Edward Burney’s portrait, which is prefixed to the _Diary and Letters_ of 1842-6, had been mezzotinted two years earlier by Charles Turner on a larger scale. It is said to represent Miss Burney at the age of thirty, having been painted at Chessington in August 1782. She wears a hat and feathers; and her hair is frizzed out in the approved fashion of the day. Her attitude is conventional:—she sits demurely erect, with formally posed hands. But her eyes are brimming with latent animation; and the corners of the lips are lifted with a lurking sense of fun. Of the sitter’s stature the picture gives little indication. She is reported, however, to have been extremely slight and frail of make—“a small cargo for the Chessington coach,” said Mr. Crisp. It was perhaps owing to this that she preserved so long her youthful and almost girlish appearance. As to her eyes, which, in the portrait, look large and luminous, we have her own assurance that they were greenish gray; and from the fact that she was called “the dove” by one of her Tunbridge friends, we must assume that they resembled those of Mrs. Delany, who is praised by her adoring husband for “what Solomon calls ‘dove’s eyes.’” Her complexion was brown; and she is affirmed to have been rather French-looking. Beautiful of feature, perhaps, she could scarcely be called. But it is admitted that she had great charm of expression, and a countenance which was quick to betray every passing emotion. “Poor Fanny’s face”—said her father—“tells us what she thinks whether she will or no”; and she confirms this herself by lamenting her lack of power to command her features. She “rouged” readily—to use her own euphemism for blushing. For the rest, she was all her life ailing and delicate. But like many valetudinarians, she succeeded in surviving her robuster relatives. She out-lasted all her sisters except one; and she lived to the age of eighty-seven.[36]
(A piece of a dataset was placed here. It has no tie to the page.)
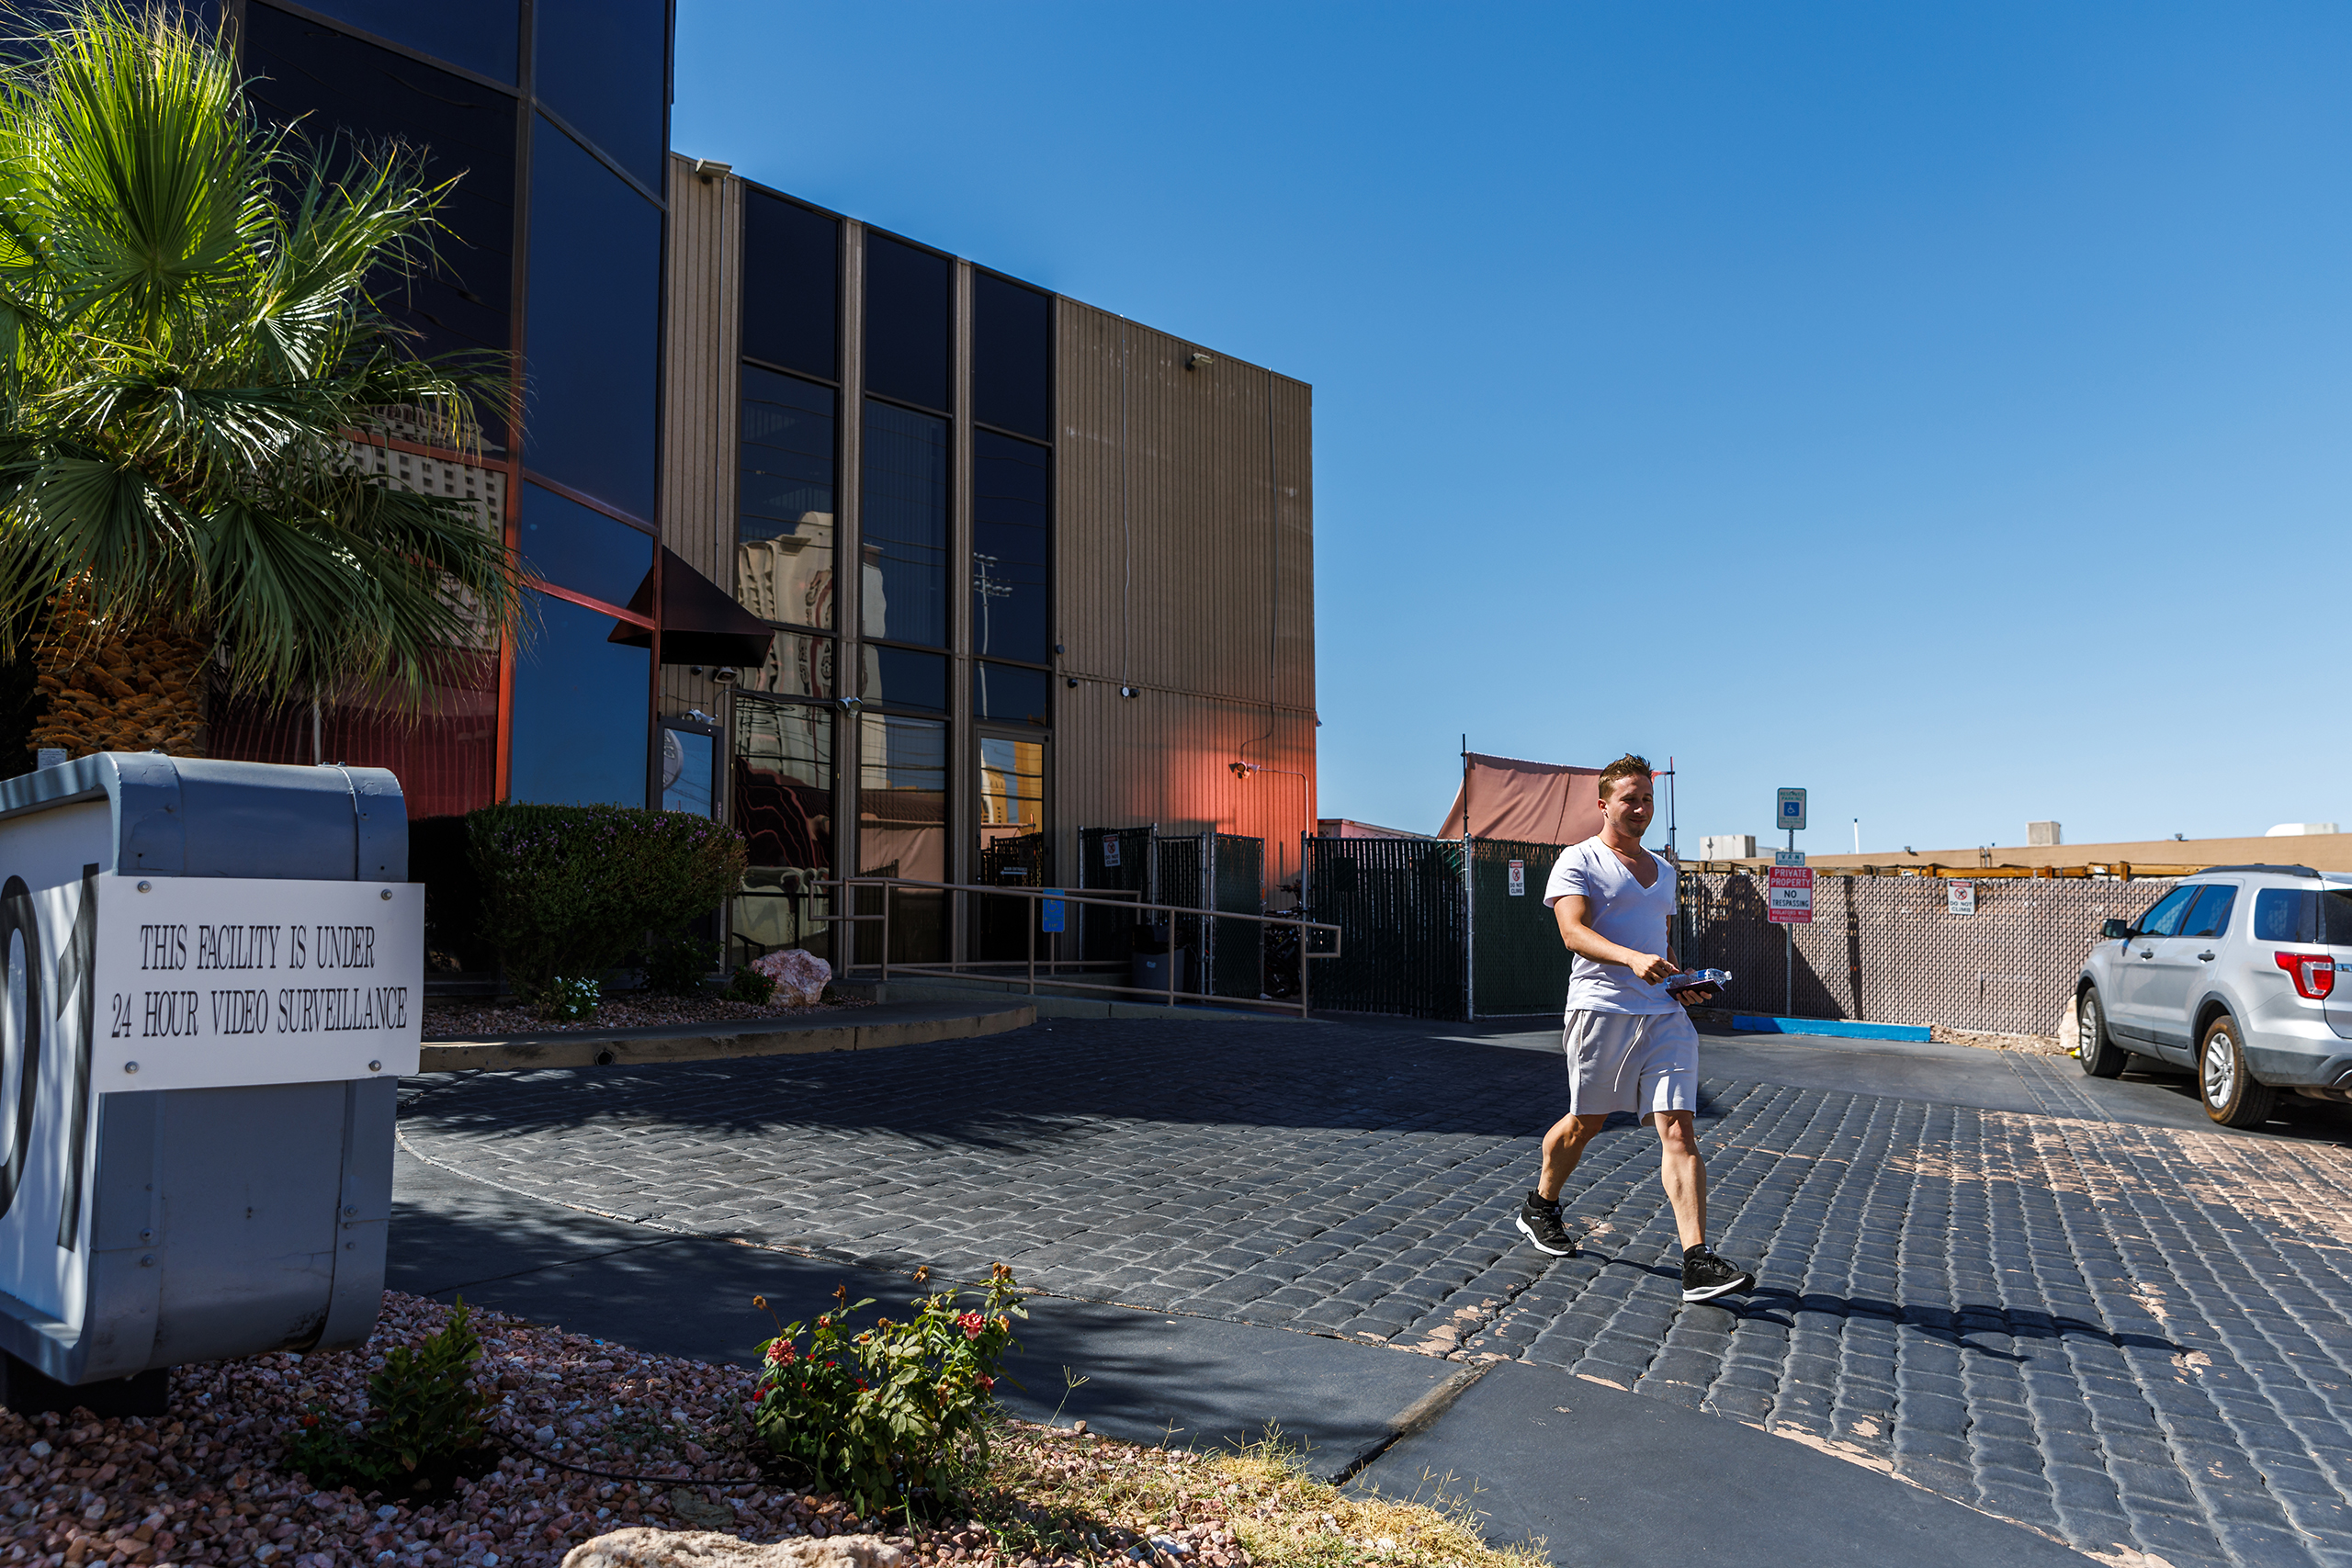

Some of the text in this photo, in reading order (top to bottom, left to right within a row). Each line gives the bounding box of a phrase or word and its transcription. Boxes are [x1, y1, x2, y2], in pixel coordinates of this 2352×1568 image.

When Dr. Burney fetched his daughter from Chessington, it had been arranged that they should stop at Streatham Place on their way back to town. This they did; and Fanny’s diary gives a full account of what she pronounces to be “the most consequential day she had spent since her birth.” Mrs. Thrale was very gracious, and very discreet, only mentioning _Evelina_ in order to refer to Dr. Johnson’s genuine admiration for the book. Mr. Seward, whom we remember as one of the visitors to St. Martin’s Street, was not by any means so considerate, bluntly blurting out his praises in the most embarrassing manner. At dinner a place was left next Miss Burney for Dr. Johnson, who presently appeared. The Doctor was as delicate as Mrs. Thrale, only touching indirectly and circuitously upon the burning topic. Asked by Mrs. Thrale to have some little pies of mutton, he declared gallantly that sitting next Miss Burney made him too proud to eat mutton. Later, after some rambling talk about the wear and tear of Garrick’s face, he went on to speak of Dr. Burney’s rival, Sir John Hawkins, whom he can scarcely be said to have extolled. He believed him “an honest man at the bottom; but to be sure,” he continued, “he is penurious, and he is mean, and it must be owned he has a degree of brutality, and a tendency to savageness, that cannot easily be defended.” Giving an instance of Sir John’s “_unclubbable_” character, he added that it reminded him of a lady with whom he had once travelled, who, stopping at an inn in her own coach and four, called for—a pint of ale! quarrelling moreover with the waiter for not giving full measure. And here came in another adroit allusion to _Evelina_. “Mme. Duval”—said the Doctor—“could not have done a grosser thing!”—a sentiment which of course convulsed the company, and threw the young person at his side into the most delicious confusion. Altogether the visit was delightful; and when Fanny and her father got into the chaise to go, it was a settled thing that she was to come again to Streatham, and for a much longer stay.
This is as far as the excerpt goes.